(Dataset entries)
::::

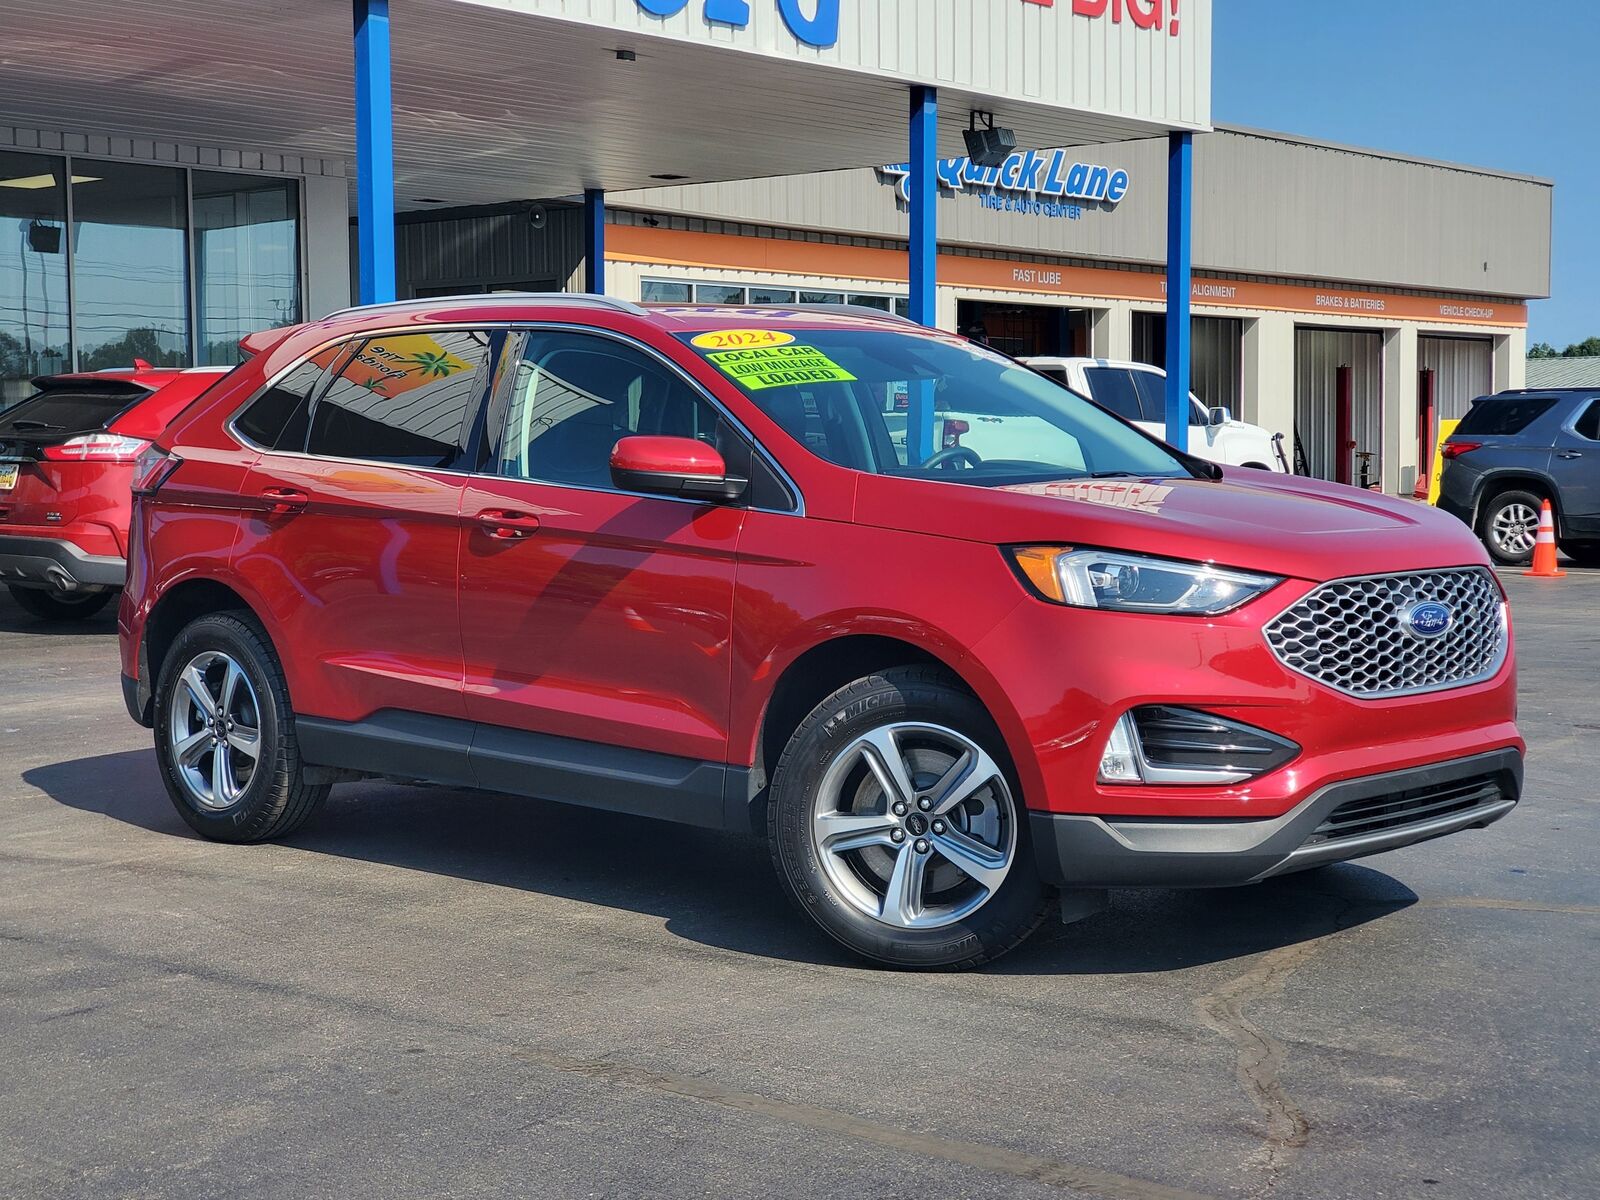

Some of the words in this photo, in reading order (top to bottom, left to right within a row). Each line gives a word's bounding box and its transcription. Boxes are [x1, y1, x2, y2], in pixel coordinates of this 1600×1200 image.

[1041, 147, 1130, 203] Lane
[979, 193, 1002, 210] TIRE
[1005, 195, 1011, 211] &
[1014, 197, 1041, 215] AUTO
[1043, 202, 1081, 220] CENTER
[1012, 268, 1036, 283] FAST
[1037, 270, 1062, 285] LUBE
[1191, 284, 1237, 298] ALIGNMENT
[1315, 295, 1343, 308] BRAKES
[1350, 297, 1385, 311] BATTERIES
[1439, 304, 1464, 316] VEHICLE
[1464, 306, 1494, 319] CHECK-UP
[711, 331, 777, 348] 2024
[713, 348, 778, 363] LOCAL
[777, 346, 818, 357] CAR
[730, 361, 765, 375] LOW
[765, 358, 828, 371] MILEAGE
[755, 369, 838, 386] LOADED

::::

▶ What to work on
Please retype every entry above exactly, leaving out any picture.

▶ Answer below
Some of the words in this photo, in reading order (top to bottom, left to right within a row). Each line gives a word's bounding box and its transcription. Boxes are [x1, y1, x2, y2], in pixel coordinates of this 1600×1200 image.

[1041, 147, 1130, 203] Lane
[979, 193, 1002, 210] TIRE
[1005, 195, 1011, 211] &
[1014, 197, 1041, 215] AUTO
[1043, 202, 1081, 220] CENTER
[1012, 268, 1036, 283] FAST
[1037, 270, 1062, 285] LUBE
[1191, 284, 1237, 298] ALIGNMENT
[1315, 295, 1343, 308] BRAKES
[1350, 297, 1385, 311] BATTERIES
[1439, 304, 1464, 316] VEHICLE
[1464, 306, 1494, 319] CHECK-UP
[711, 331, 777, 348] 2024
[713, 348, 778, 363] LOCAL
[777, 346, 818, 357] CAR
[730, 361, 765, 375] LOW
[765, 358, 828, 371] MILEAGE
[755, 369, 838, 386] LOADED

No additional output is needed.